In so many ways, Miss Frobisher could not have been more different from Lily’s mum, but in one very important way they were the same. Neither ever showed much emotion, but it didn’t mean they weren’t feeling it.

From the start, Eileen Frobisher had had Lily marked out as promising, and she was secretly triumphant at having secured her this small victory. She also felt some pride in the fact that she’d put down a marker with Peter Simmonds. He might have been used to people jumping to attention and saluting when he was in the Army, but she had no intention of being a pushover. Warrant Officer Class II indeed!

‘What was the matter with you?’ asked Gladys later. They’d been sent to the stockroom to stow away the last of the unsold January sale items. ‘I thought for a minute you were going to turn Miss Frobisher down!’

‘I was miles away. Silly of me,’ said Lily. ‘Anyway, I’m really chuffed. And for you, Gladys.’ She pushed a couple of dusty cartons to the back of a shelf to make room for a box of socks.

At least, thought Lily, her new role would give her something to concentrate on once Jim was away. Learning a new skill would keep her occupied, and if she threw herself into work then the days would surely pass, which would only leave the evenings to fill … and her Wednesday half-day … and Sundays …
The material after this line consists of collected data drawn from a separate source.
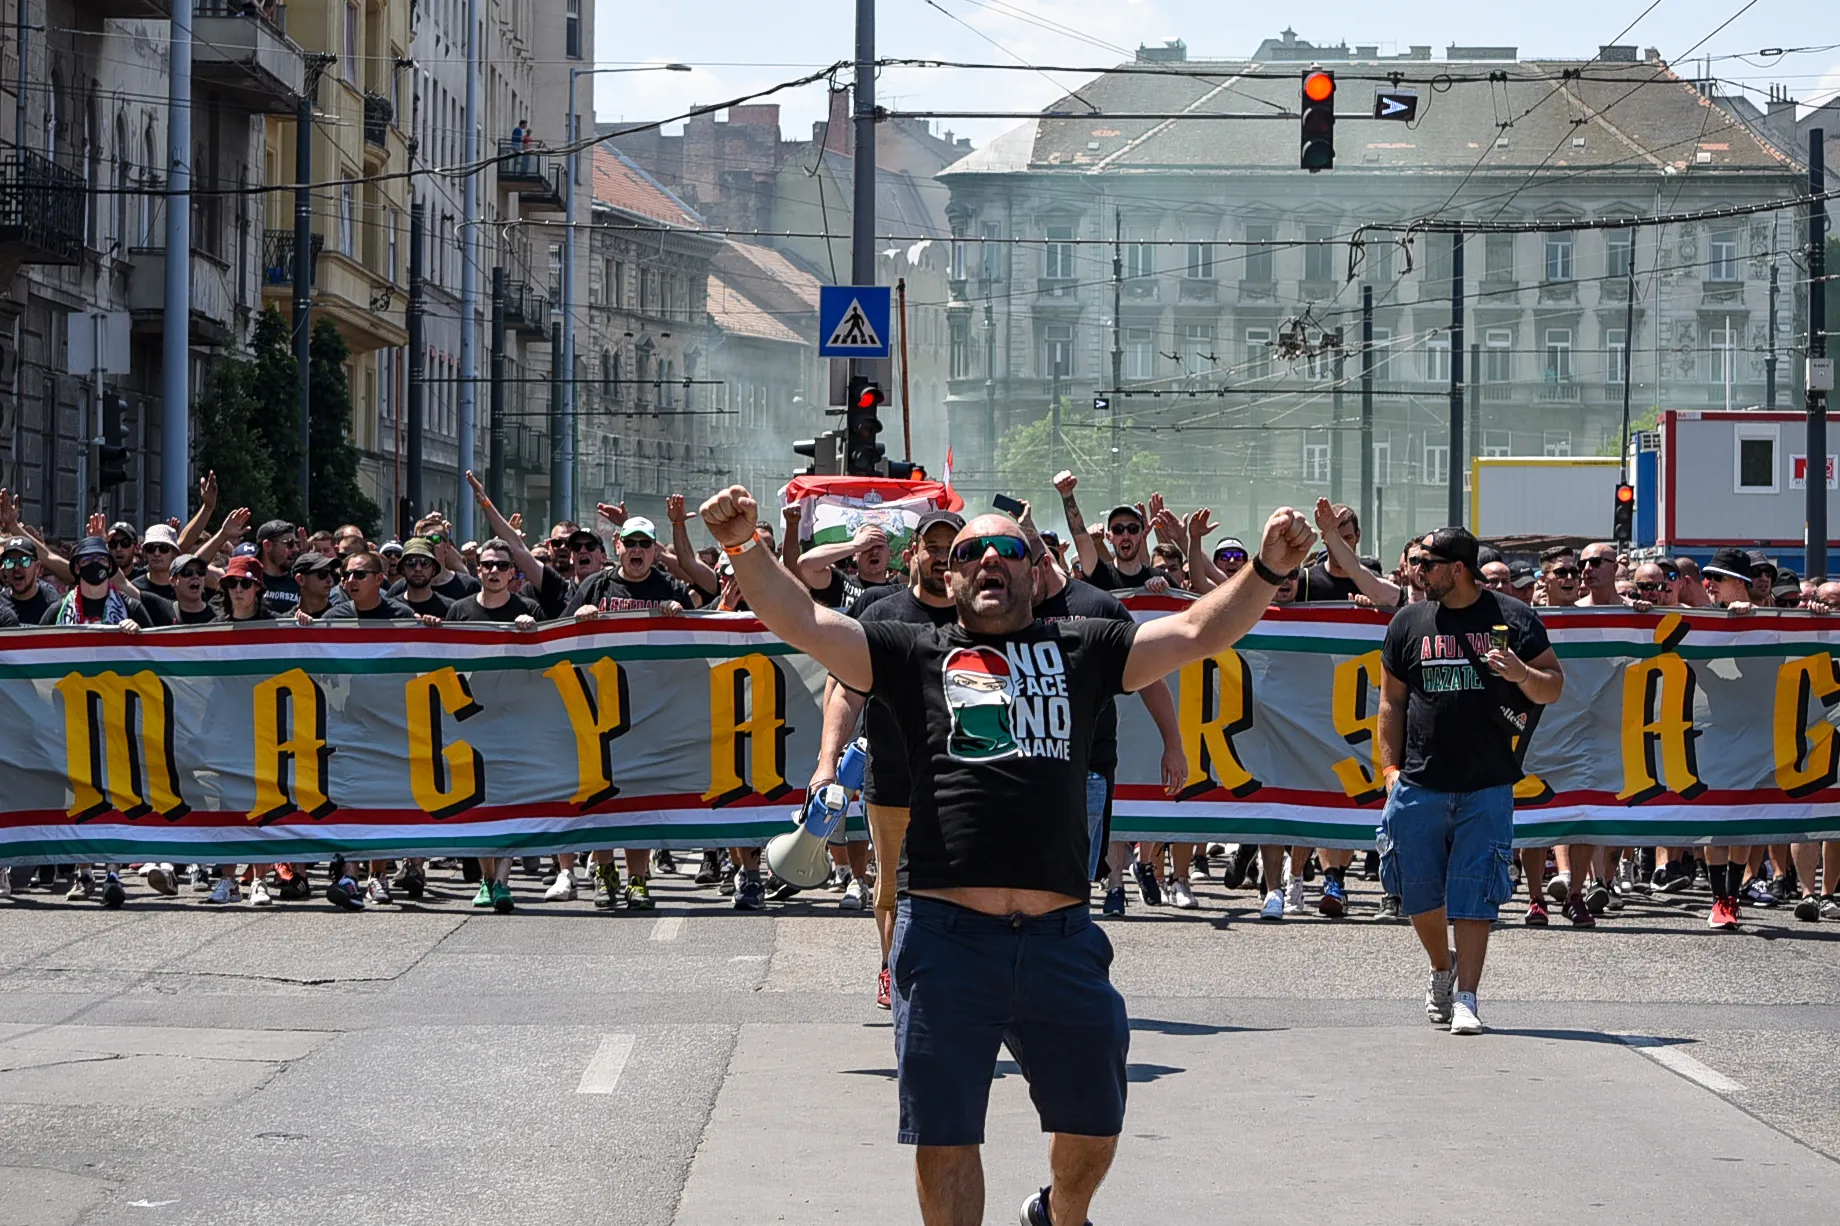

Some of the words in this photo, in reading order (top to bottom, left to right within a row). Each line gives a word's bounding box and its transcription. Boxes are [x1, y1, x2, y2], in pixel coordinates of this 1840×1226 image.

[1006, 641, 1065, 680] NO
[1421, 636, 1432, 660] A
[1013, 675, 1069, 698] FACE
[54, 612, 1840, 825] MAGYARSÁG
[1015, 696, 1071, 739] NO
[1017, 739, 1070, 761] NAME
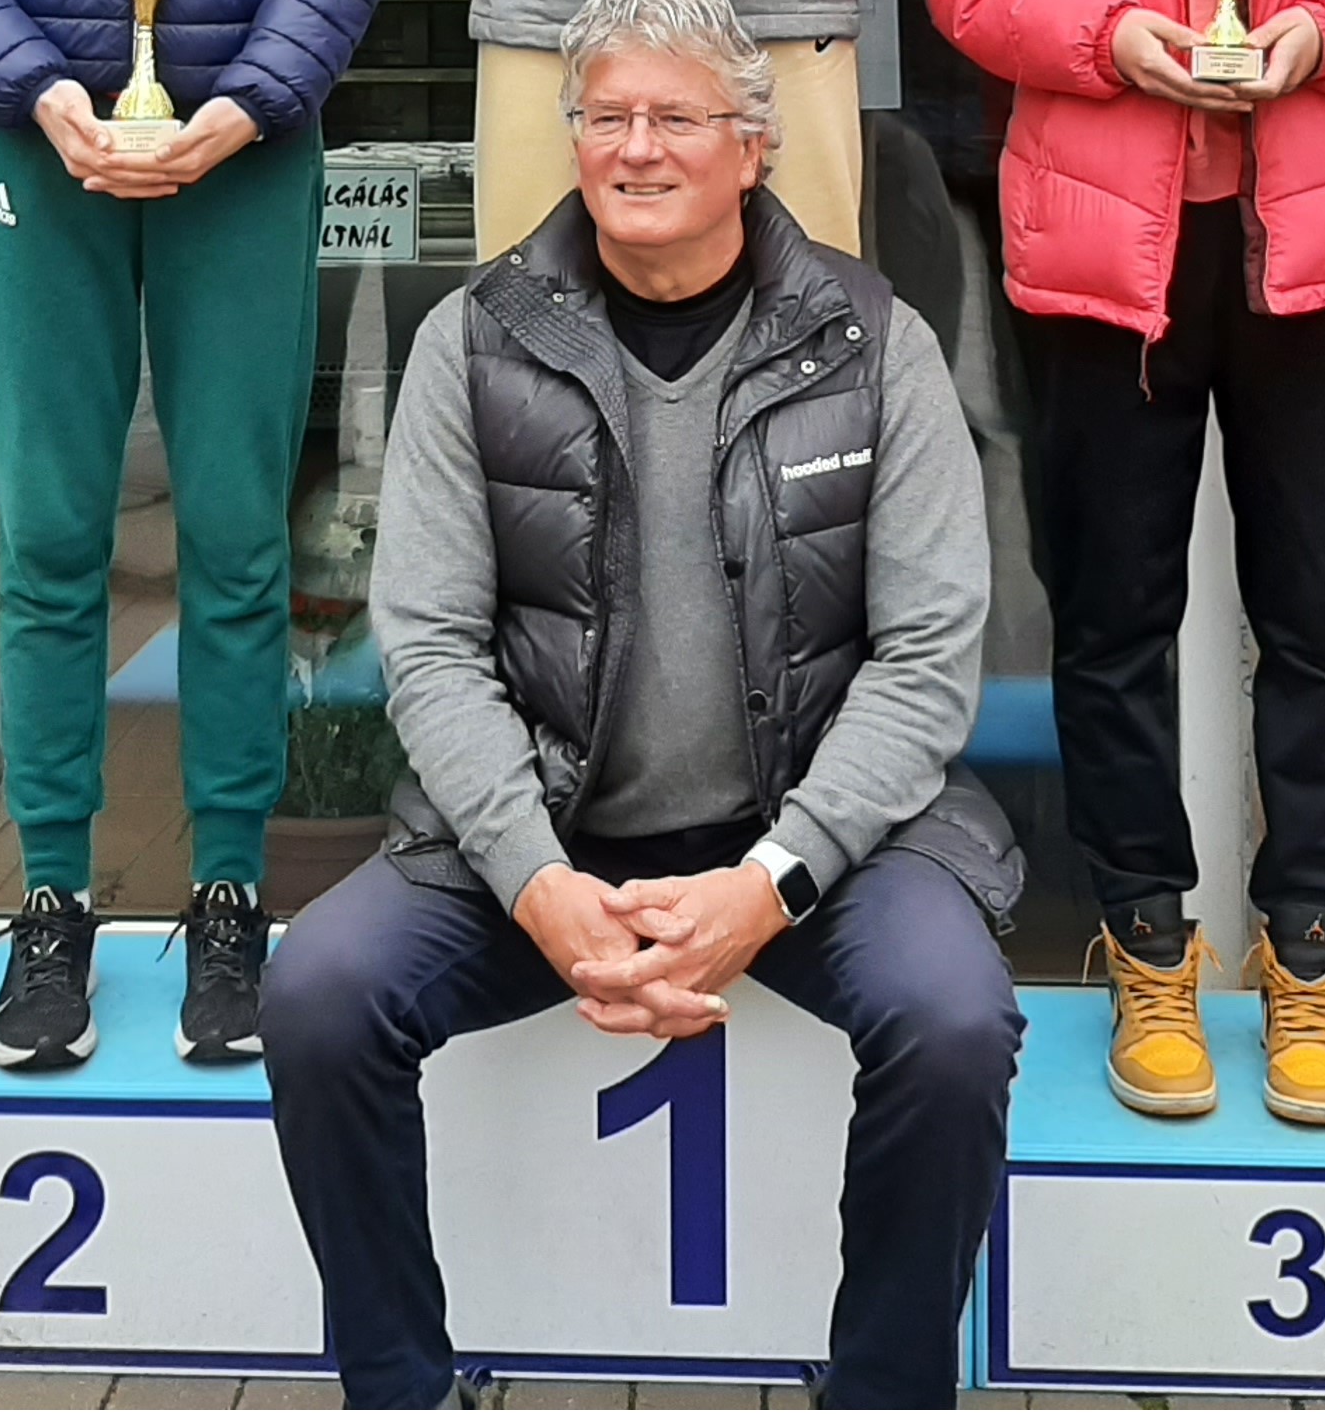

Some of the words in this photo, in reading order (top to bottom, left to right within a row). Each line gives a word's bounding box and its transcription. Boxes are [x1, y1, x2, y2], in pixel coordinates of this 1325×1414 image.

[780, 452, 841, 482] hooded
[843, 447, 874, 467] staff
[596, 1020, 727, 1306] 1
What would she do without Jim to joke about with, to play cards with, to watch as he dug the veg plot? Well, she could do something a bit more useful, like go along to her mum’s WVS and Red Cross meetings and address envelopes and sew gloves. She’d have to listen to the other women droning on about how they missed face powder and Lister’s Lavenda 3-ply, of course – not the most appealing prospect, but it wouldn’t kill her, and if Jim was doing his bit, she should jolly well do hers. Lily sighed inwardly. No Jim to go to the pictures with, to walk to work with, to fight for the last spoonful of stew. Oh, pull yourself together, she thought. She could always rely on Gladys for company, and in due course there’d be Beryl’s baby for everyone to coo over … She might even try knitting it a little something herself.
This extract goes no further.